Revenue is recognised to the extent that it is probable that the economic benefits will flow to the Group and the revenue can be reliably measured. Revenue is measured as the fair value of the consideration received or receivable, excluding discounts, rebates, value added tax and other sales taxes. The following criteria must also be met before revenue is recognised:
Sale of goods
Revenue from the sale of goods is recognised when all of the following conditions are satisfied:
the group has transferred the significant risks and rewards of ownership to the buyer;
the group retains neither continuing managerial involvement to the degree usually associated with ownership nor effective control over the goods sold;
the amount of revenue can be measured reliably;
it is probable that the group will receive the consideration due under the transaction; and
the costs incurred or to be incurred in respect of the transaction can be measured reliably.
Revenue is recognised when the group has supplied and installed UPVC products, which the directors believe this is the date at which the significant risks and rewards of ownership have been transferred to the buyer.
Rendering of services
Revenue from a contract to provide services is recognised in the period in which the services are provided in accordance with the stage of completion of the contract, when all of the following conditions are satisfied:
the amount can be measured reliably;
it is probable that the company will receive the consideration due under the contract;
the stage of completion of the contract at the end of the reporting period can be measured reliably;
the costs incurred and the costs to complete the contract can be measured reliably.
Research expenditure is written off against profits in the year in which it is incurred. Identifiable development expenditure is capitalised to the extent that the technical, commercial and financial feasibility can be demonstrated.
The gain or loss arising on the disposal of an asset is determined as the difference between the sale proceeds and the carrying value of the asset, and is recognised in the profit and loss account.

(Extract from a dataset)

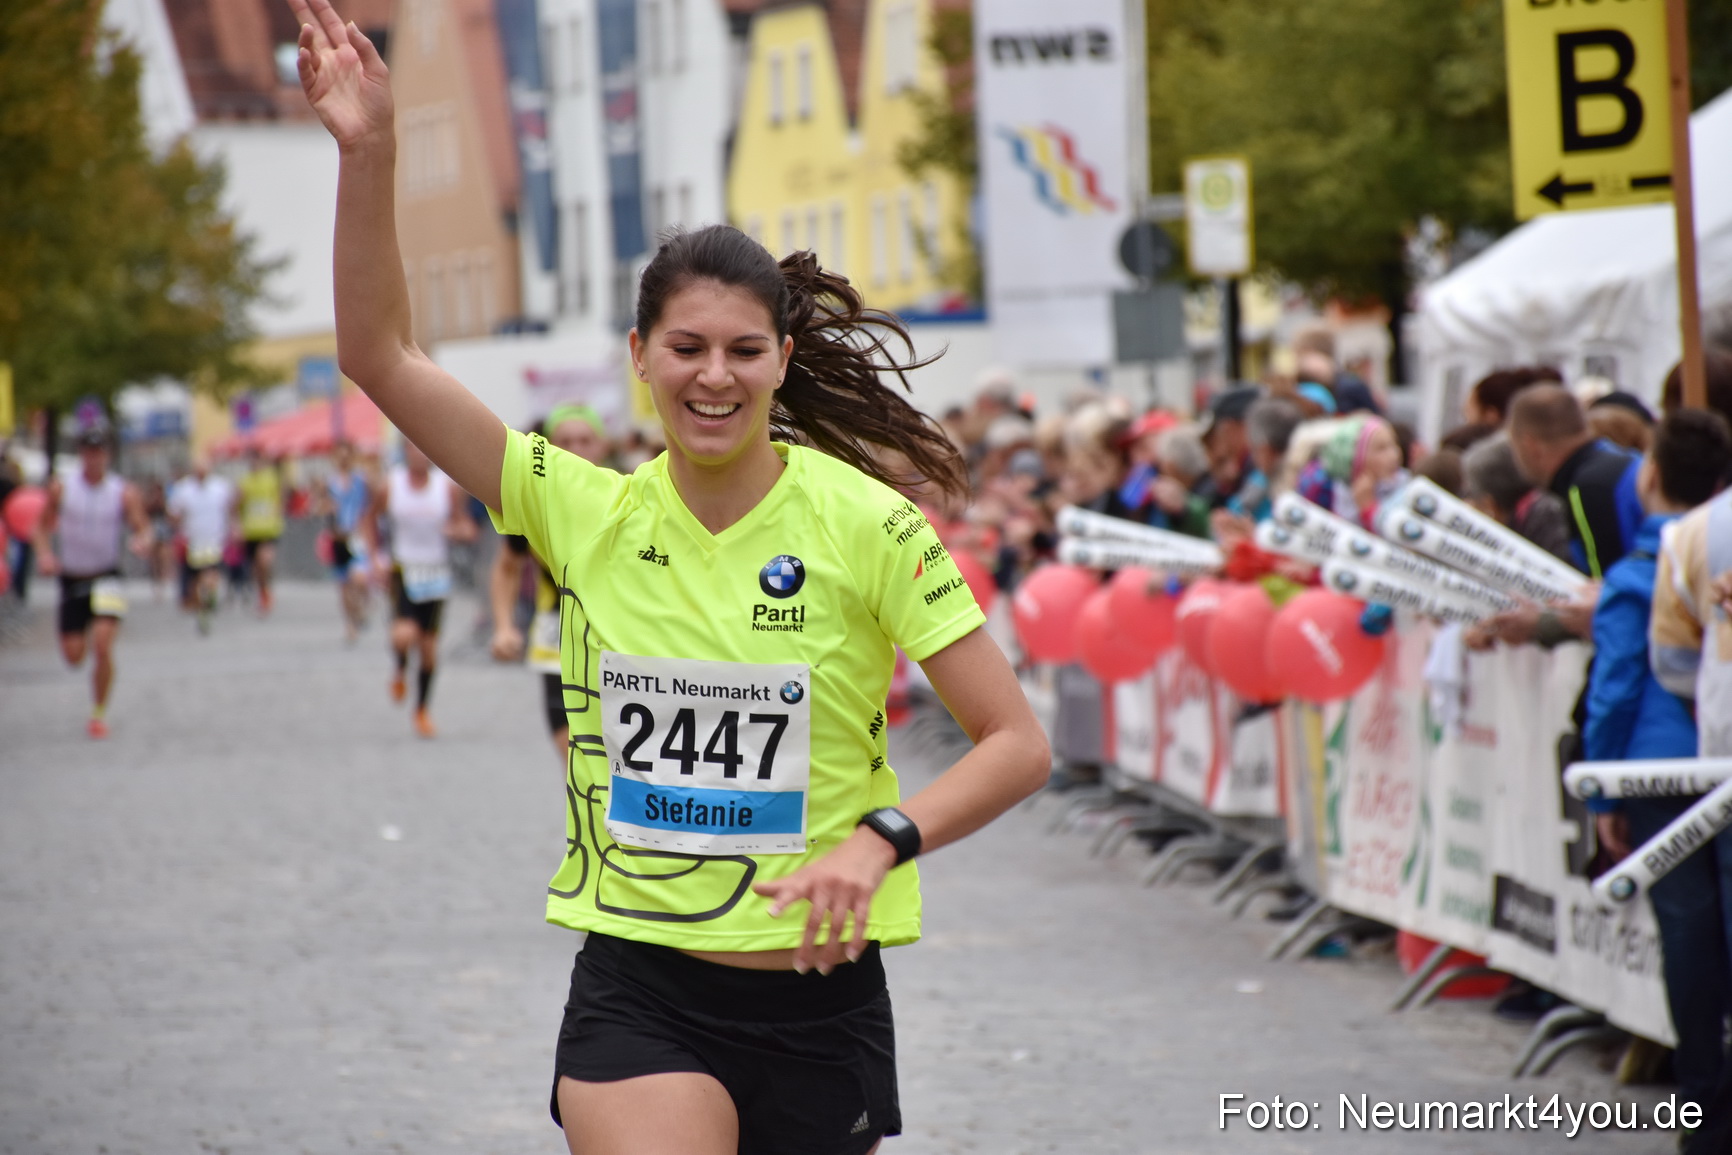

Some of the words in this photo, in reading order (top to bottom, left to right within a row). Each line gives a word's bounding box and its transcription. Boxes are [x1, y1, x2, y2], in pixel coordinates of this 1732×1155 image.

Interests in subsidiaries are initially measured at cost and subsequently measured at cost less any accumulated impairment losses. The investments are assessed for impairment at each reporting date and any impairment losses or reversals of impairment losses are recognised immediately in profit or loss.
At each reporting period end date, the group reviews the carrying amounts of its tangible and intangible assets to determine whether there is any indication that those assets have suffered an impairment loss. If any such indication exists, the recoverable amount of the asset is estimated in order to determine the extent of the impairment loss (if any). Where it is not possible to estimate the recoverable amount of an individual asset, the company estimates the recoverable amount of the cash-generating unit to which the asset belongs.

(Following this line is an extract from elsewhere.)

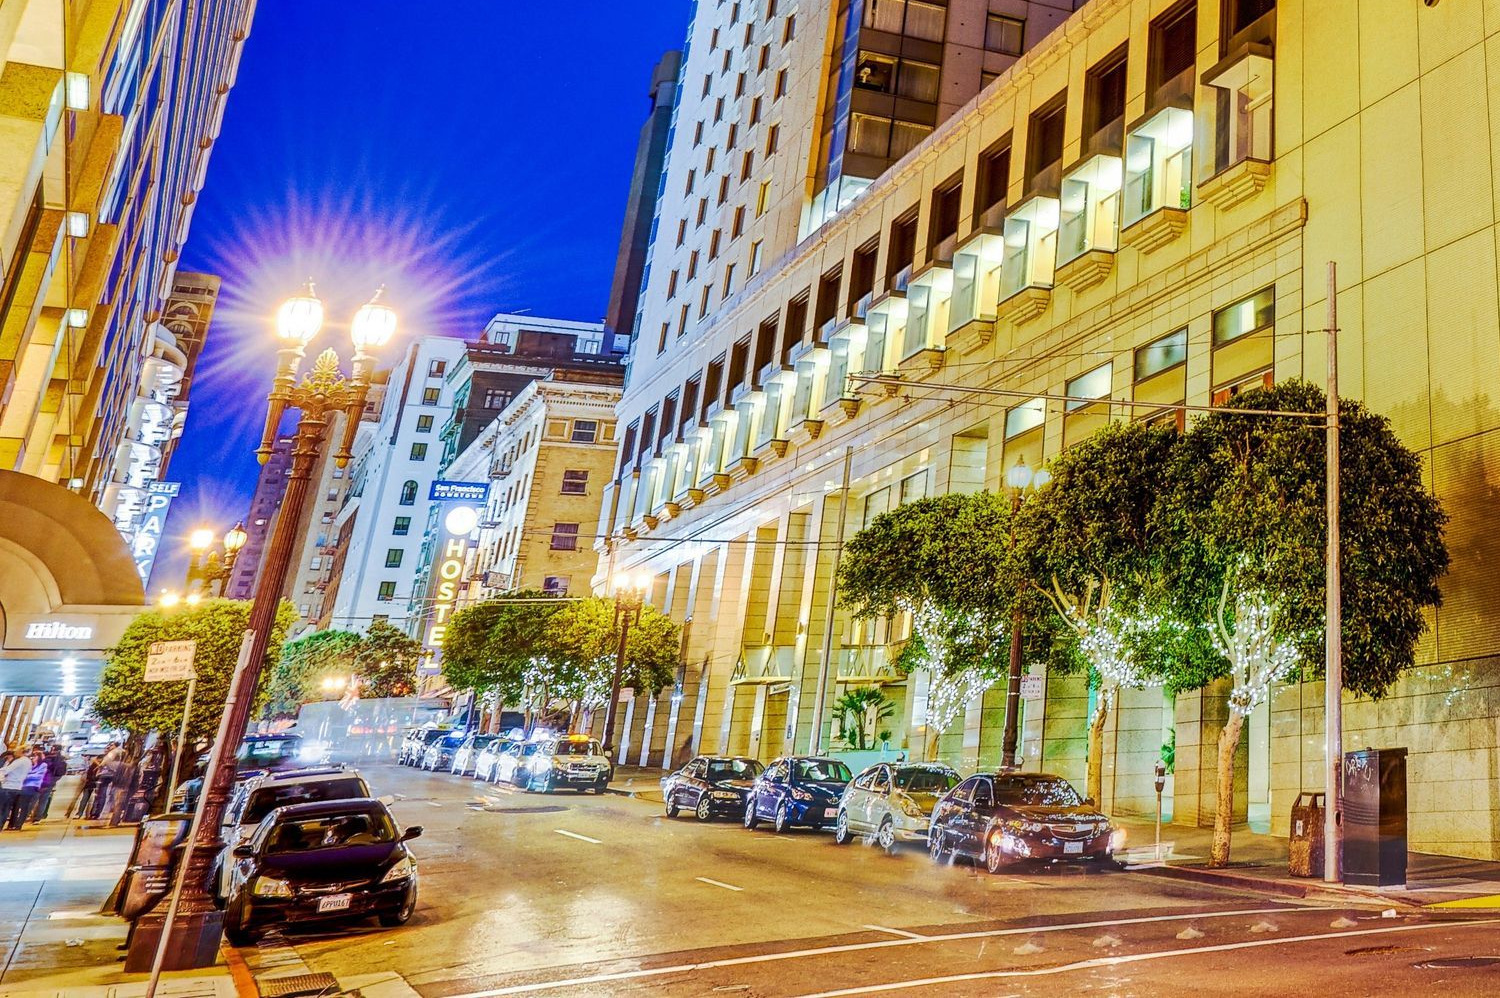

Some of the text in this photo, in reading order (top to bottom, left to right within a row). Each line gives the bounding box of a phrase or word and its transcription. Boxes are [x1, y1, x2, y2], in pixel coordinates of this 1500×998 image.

The group has elected to apply the provisions of Section 11 ‘Basic Financial Instruments’ and Section 12 ‘Other Financial Instruments Issues’ of FRS 102 to all of its financial instruments.
Financial instruments are recognised in the group's balance sheet when the group becomes party to the contractual provisions of the instrument.

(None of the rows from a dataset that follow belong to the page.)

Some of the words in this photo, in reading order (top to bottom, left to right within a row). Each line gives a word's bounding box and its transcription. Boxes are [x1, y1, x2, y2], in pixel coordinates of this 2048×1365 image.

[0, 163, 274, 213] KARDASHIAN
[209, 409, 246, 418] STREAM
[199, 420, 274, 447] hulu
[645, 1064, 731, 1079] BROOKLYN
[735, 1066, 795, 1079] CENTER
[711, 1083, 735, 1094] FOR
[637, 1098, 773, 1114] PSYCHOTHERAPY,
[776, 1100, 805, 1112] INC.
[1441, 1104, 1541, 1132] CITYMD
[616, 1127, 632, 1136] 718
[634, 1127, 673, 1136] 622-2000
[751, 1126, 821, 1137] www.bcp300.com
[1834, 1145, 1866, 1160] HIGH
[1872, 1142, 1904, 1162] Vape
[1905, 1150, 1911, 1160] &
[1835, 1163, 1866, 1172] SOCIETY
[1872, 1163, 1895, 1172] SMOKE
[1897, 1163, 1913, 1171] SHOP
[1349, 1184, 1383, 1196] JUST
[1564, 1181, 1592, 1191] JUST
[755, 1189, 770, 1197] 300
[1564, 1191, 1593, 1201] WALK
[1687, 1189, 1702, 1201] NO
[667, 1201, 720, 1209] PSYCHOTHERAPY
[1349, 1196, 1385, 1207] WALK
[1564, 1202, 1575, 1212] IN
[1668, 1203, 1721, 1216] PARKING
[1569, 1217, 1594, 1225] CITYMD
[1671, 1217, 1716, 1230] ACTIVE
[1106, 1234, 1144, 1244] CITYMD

Financial assets and liabilities are offset and the net amounts presented in the financial statements when there is a legally enforceable right to set off the recognised amounts and there is an intention to settle on a net basis or to realise the asset and settle the liability simultaneously.
Basic financial assets, which include debtors and cash and bank balances, are initially measured at transaction price including transaction costs and are subsequently carried at amortised cost using the effective interest method unless the arrangement constitutes a financing transaction, where the transaction is measured at the present value of the future receipts discounted at a market rate of interest. Financial assets classified as receivable within one year are not amortised.
Other financial assets, including investments in equity instruments which are not subsidiaries and associates, are initially measured at fair value, which is normally the transaction price. Such assets are subsequently carried at fair value and the changes in fair value are recognised in profit or loss, except that investments in equity instruments that are not publicly traded and whose fair values cannot be measured reliably are measured at cost less impairment.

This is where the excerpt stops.